Only with the reformation did this change, the bible becoming both the book and most definitely also a single book, with the individual writings within it seen now as far less important than its unified function as a coherent guide to the christian life. As such it was most certainly authoritative, in the first of the two senses offered earlier. It supplied rules, beliefs, laws and codes of conduct, which were enforceable, and to which the subjects of a christian kingdom must submit themselves.

For those of us who today belong to churches of the reformation, this understanding is the one which remains firmly rooted in our foundation documents. So, for members of the Church of England, Article 6 of the 39 Articles of Religion, ‘Of the Sufficiency of the Holy Scriptures for Salvation’: ‘Holy Scripture containeth all things necessary to salvation: so that whatsoever is not read therein, nor may be proved thereby, is not to be required of any man, that it should be believed as an article of the Faith, or be thought requisite or necessary to salvation.’ (3)

What is read therein, however, is to be believed as an article of the Faith. And the believing is to be seen as something demanded of loyal subjects. The frontispiece of the English Great Bible, ordered by Thomas Cromwell to be set up in all churches in the kingdom in 1538, though not actually published till 1539, shows Henry VIII receiving God’s blessing as he hands on copies of the book not just to Thomas Cranmer, but also to Cromwell. The faithful believer is also the honest subject, accepting the biblical authority upheld by the christian prince, alongside the secular authority given by bible to the prince.

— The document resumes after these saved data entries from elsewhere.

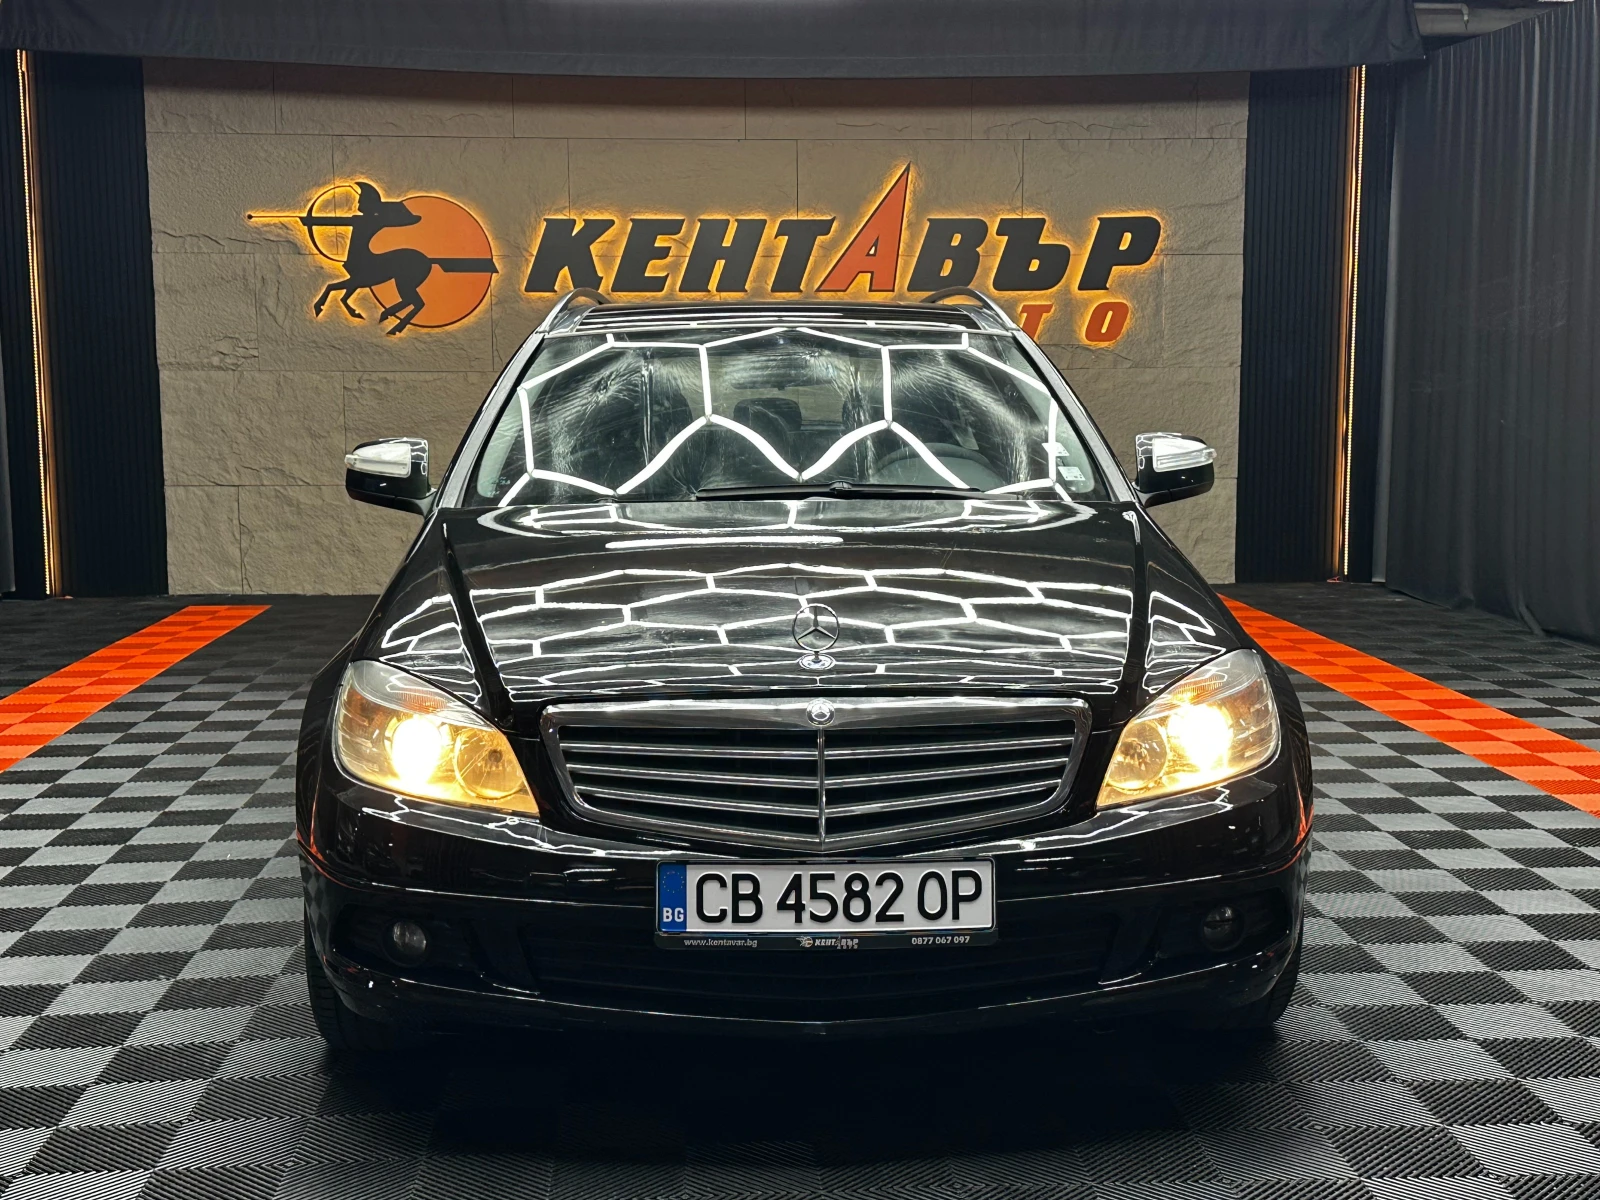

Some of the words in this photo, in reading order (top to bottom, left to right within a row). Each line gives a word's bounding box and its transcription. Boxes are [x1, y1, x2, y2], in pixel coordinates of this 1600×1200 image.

[524, 161, 1161, 292] КЕНТАВЪР
[1018, 301, 1130, 342] ТО
[695, 872, 763, 924] CB
[776, 871, 905, 924] 4582
[917, 868, 983, 921] OP
[662, 907, 684, 922] BG
[683, 938, 758, 948] www.kentavar.bg
[911, 937, 934, 945] 0877
[935, 936, 952, 944] 067
[953, 935, 970, 943] 097

Commenting on this, Robert Carroll describes as ‘the outstanding Protestant heresy of the Reformation that it elevated the Bible to a position of authority that it had never had before the sixteenth century. This biblicism has subsequently distorted the way many Christians read the history of the churches, by reading back into it views about the Bible which belong more to post-Reformation thought than to earlier notions of scripture.’ (4)

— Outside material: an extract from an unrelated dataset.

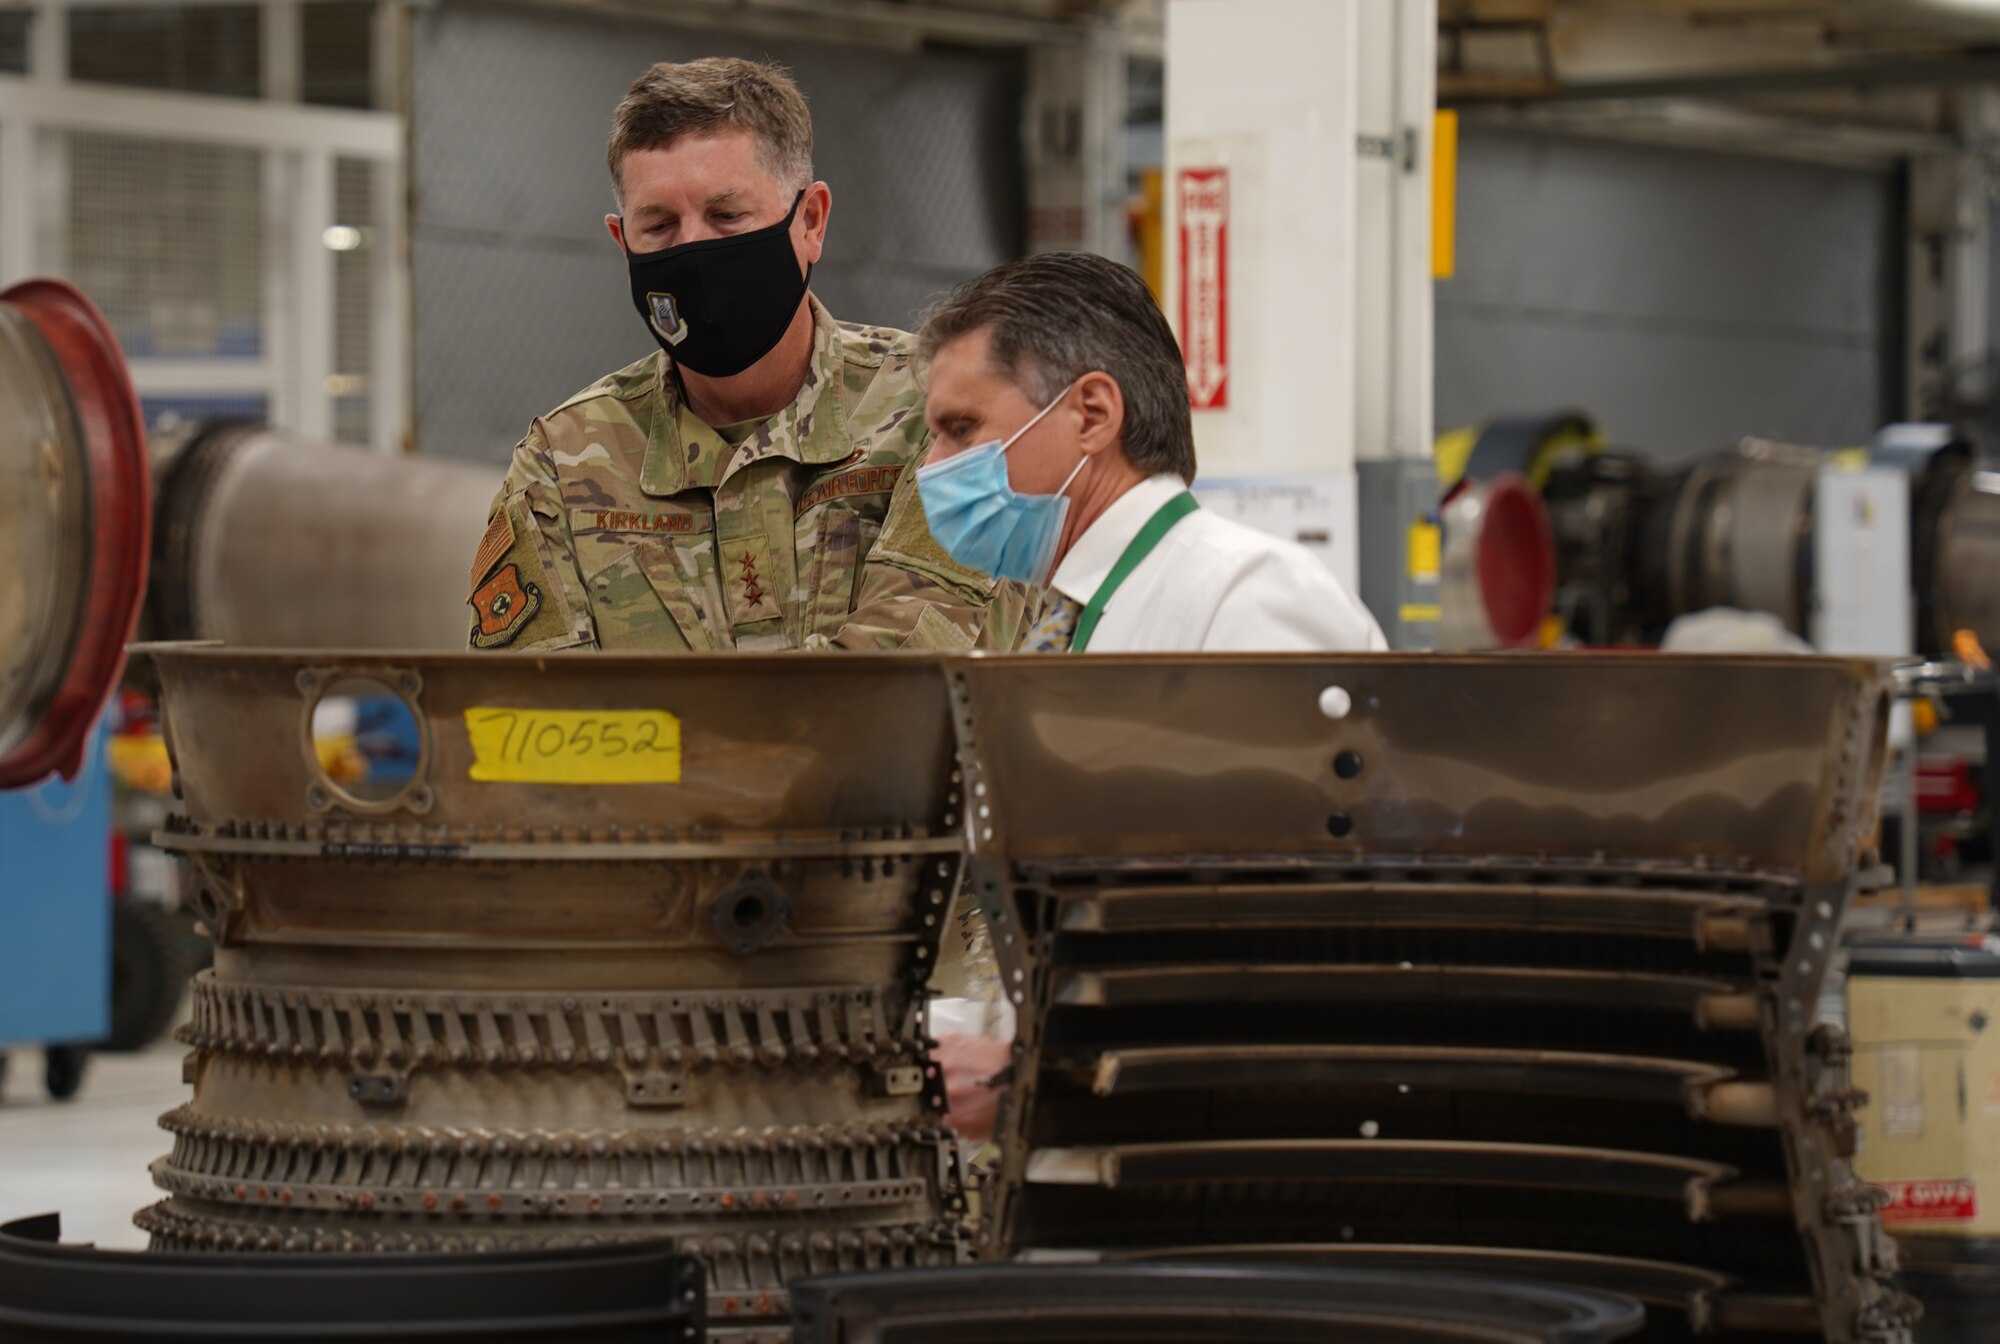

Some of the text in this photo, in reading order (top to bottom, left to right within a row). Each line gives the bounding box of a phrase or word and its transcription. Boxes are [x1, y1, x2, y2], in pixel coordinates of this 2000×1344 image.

[817, 476, 843, 500] AIR
[596, 510, 693, 531] KIRKLAND
[477, 711, 675, 764] 710552

At one level, that may seem an extreme and over-dramatic statement. For of course, it would not really be terribly long before that new authority was radically challenged. The history of the Modern Churchpeople’s Union over more than a hundred years – alongside of its concern that the church take seriously the proper insights of science in any contemporary understanding of the world – has been to promote and advance the theological propriety of a much more critical approach to biblical texts. An approach which treats seriously the historical context of each individual writing, and the particular concerns of the authors in the situations and settings in which they wrote. A view of the bible which sees it therefore not as a christian handbook potentially holding answers to whatever question or problem we present it with. But rather an assortment of texts loosely linked only in the sense that all were in some way responding to ‘that which we name as God’; and, in the case of the New Testament, saw the prophet Jesus from Nazareth as having an important part to play in that response.

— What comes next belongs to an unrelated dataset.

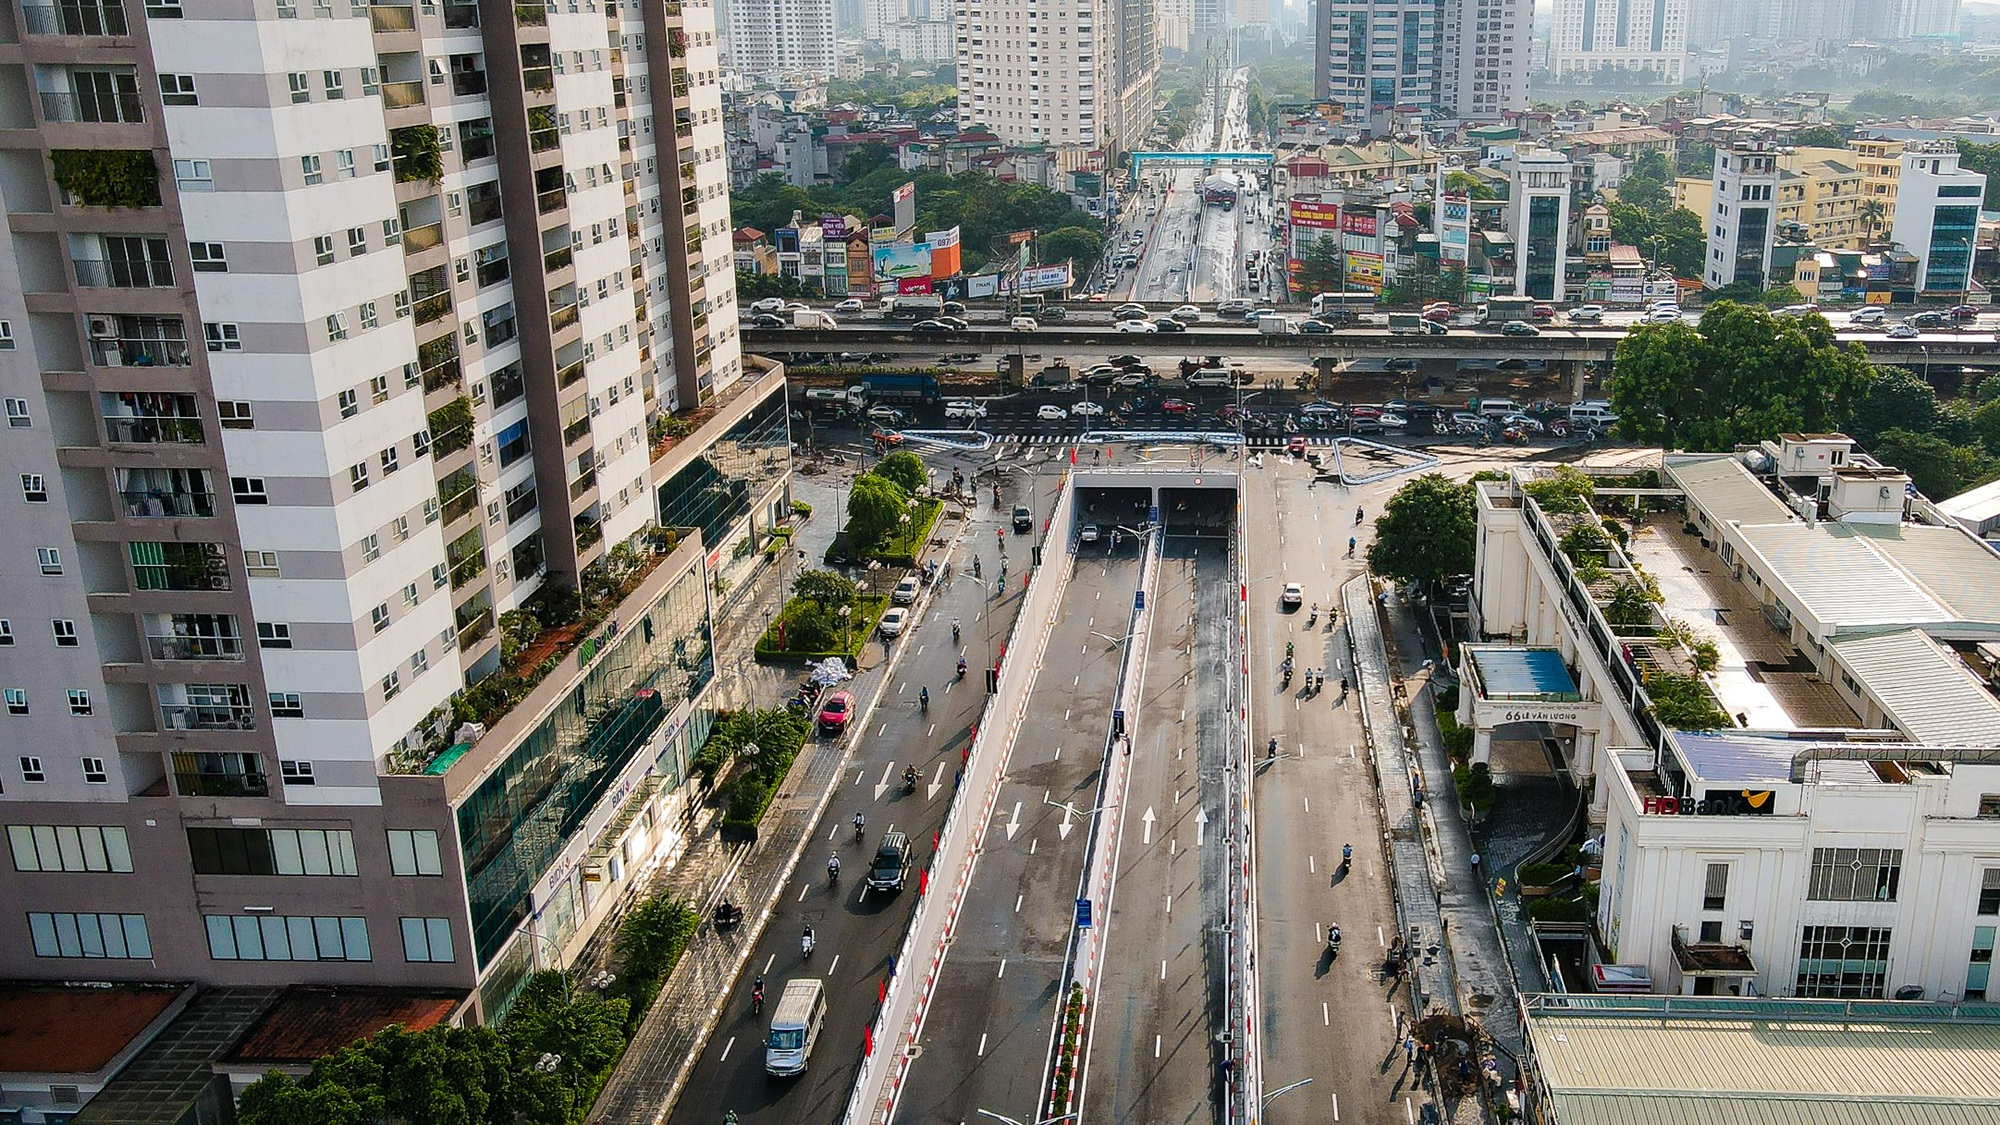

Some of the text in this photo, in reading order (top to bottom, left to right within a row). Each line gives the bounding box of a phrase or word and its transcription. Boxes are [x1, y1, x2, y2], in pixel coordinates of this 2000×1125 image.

In theory, then, we are all of us free of those anxieties which in the early twentieth century generated that alarmed response to biblical criticism which we know as fundamentalism (a term first used only around 1910, and only of christians). A response which led to a renewed emphasis on biblical authority based on the notion of its inerrancy. But theory and practice are two different things. And it should trouble us all, I think, that so many of our mainstream churches’ agendas still appear to be governed by a ridiculous deference to fundamentalist or otherwise biblicist understandings.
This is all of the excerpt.